For some it may be tempting to consider leaving the party. To give up trying to save something that seemingly does not want to be saved. To stop having endless arguments about the need to win elections with people who do not think it is important. To close the door on the nastiness you get for just being a non-Corbynista member of the Labour party. I would not blame anyone for wanting to just get on with their lives.

So why stay?

Others will make the arguments more eruditely than I can. Arguments that appeal to the head and the heart. Polls that show that long-term members still want a party that can appeal to the country and win a general election. To stick together in the belief that a functioning, effective Labour party is crucial to our social democracy and to leave is to commit Britain to a one-party state. We will be reminded that lists of hostile MPs are released by the party leadership, that leadership supporters openly call for deselections and party staff are criticised publicly and that the only way to combat any of this is to stay and continue to do our bit.

Respected figures across the party will appeal to our belief in the strength of our common endeavour – to stay and fight to regain a party where abuse and intimidation have no place and a party where even one incident of anti-semitism would shock us to the core.

All of those reasons are part of why I will stay and I hope others will too and encourage more to join.

But there is one more reason to stay and that is because an exodus of moderate members is exactly what the hard-left want.

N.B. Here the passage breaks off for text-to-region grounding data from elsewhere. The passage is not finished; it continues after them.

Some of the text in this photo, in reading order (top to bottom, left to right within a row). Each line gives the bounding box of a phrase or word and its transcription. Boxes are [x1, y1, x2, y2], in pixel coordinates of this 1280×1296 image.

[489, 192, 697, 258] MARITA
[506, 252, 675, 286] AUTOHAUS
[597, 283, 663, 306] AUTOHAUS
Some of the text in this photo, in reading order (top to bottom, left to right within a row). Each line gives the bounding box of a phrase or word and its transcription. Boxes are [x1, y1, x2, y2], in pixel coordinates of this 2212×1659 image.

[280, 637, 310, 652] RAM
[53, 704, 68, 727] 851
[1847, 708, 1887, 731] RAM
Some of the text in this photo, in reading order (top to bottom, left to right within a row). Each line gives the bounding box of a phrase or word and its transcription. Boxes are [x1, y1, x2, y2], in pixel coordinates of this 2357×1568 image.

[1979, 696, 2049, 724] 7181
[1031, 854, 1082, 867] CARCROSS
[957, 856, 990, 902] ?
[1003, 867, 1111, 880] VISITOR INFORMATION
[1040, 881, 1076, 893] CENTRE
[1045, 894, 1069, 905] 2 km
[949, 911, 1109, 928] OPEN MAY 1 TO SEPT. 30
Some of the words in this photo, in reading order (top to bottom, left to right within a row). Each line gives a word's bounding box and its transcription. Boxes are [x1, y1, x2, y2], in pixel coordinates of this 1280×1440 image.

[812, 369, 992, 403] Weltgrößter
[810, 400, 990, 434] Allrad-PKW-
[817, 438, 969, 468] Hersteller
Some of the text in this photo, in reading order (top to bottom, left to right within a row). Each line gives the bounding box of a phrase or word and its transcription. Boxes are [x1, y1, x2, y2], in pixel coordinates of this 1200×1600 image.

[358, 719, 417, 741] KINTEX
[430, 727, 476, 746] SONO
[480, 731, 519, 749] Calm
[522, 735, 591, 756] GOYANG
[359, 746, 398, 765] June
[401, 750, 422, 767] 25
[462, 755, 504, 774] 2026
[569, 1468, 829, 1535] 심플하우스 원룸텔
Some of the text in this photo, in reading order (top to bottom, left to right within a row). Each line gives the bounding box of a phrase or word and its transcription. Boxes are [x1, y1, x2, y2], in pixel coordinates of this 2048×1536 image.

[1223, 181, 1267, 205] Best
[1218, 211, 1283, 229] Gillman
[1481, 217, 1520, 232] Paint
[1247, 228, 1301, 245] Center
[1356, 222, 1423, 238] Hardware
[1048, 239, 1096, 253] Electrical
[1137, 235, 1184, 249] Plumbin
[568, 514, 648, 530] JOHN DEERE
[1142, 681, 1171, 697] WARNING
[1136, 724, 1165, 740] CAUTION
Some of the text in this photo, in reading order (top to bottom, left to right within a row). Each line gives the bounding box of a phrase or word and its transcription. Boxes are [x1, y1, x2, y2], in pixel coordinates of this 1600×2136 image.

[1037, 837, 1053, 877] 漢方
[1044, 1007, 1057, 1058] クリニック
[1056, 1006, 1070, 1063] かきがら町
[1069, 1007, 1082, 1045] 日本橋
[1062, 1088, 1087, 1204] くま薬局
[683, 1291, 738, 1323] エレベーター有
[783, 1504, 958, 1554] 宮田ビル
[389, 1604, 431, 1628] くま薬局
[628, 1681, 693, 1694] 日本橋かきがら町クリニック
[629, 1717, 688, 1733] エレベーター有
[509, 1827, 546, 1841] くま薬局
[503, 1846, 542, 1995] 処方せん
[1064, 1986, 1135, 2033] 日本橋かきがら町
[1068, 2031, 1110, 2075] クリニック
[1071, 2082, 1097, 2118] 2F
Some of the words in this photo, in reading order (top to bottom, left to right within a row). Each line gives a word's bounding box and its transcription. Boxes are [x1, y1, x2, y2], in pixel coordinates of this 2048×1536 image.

The Labour party is my party and the hard-left – who call us Tories, who hate the last Labour government, who often did not vote Labour and even campaigned against us – cannot have a free reign.

A quote from Alan Bleasdale’s GBH goes something like: ‘socialism is not just the redistribution of wealth but of care and concern and belief in human kind’. That echoes the politics my father taught me. A party of aspiration and fairness, equality of opportunity, a long-term hand-up not just a short-term hand-out, that does not shirk from tough decisions and helps people live their lives and builds communities for the good of all of us. A party that wins elections by taking the country with it.

So I will stay and stand up and make the arguments for what I believe in and, for what it is worth, I implore others to do so too.

Yes for social democracy, yes because Britain needs a Labour government, yes in order to fight against deselections, yes to regain a party of decency and debate over hate and hostility. And yes because if we stay, there is hope.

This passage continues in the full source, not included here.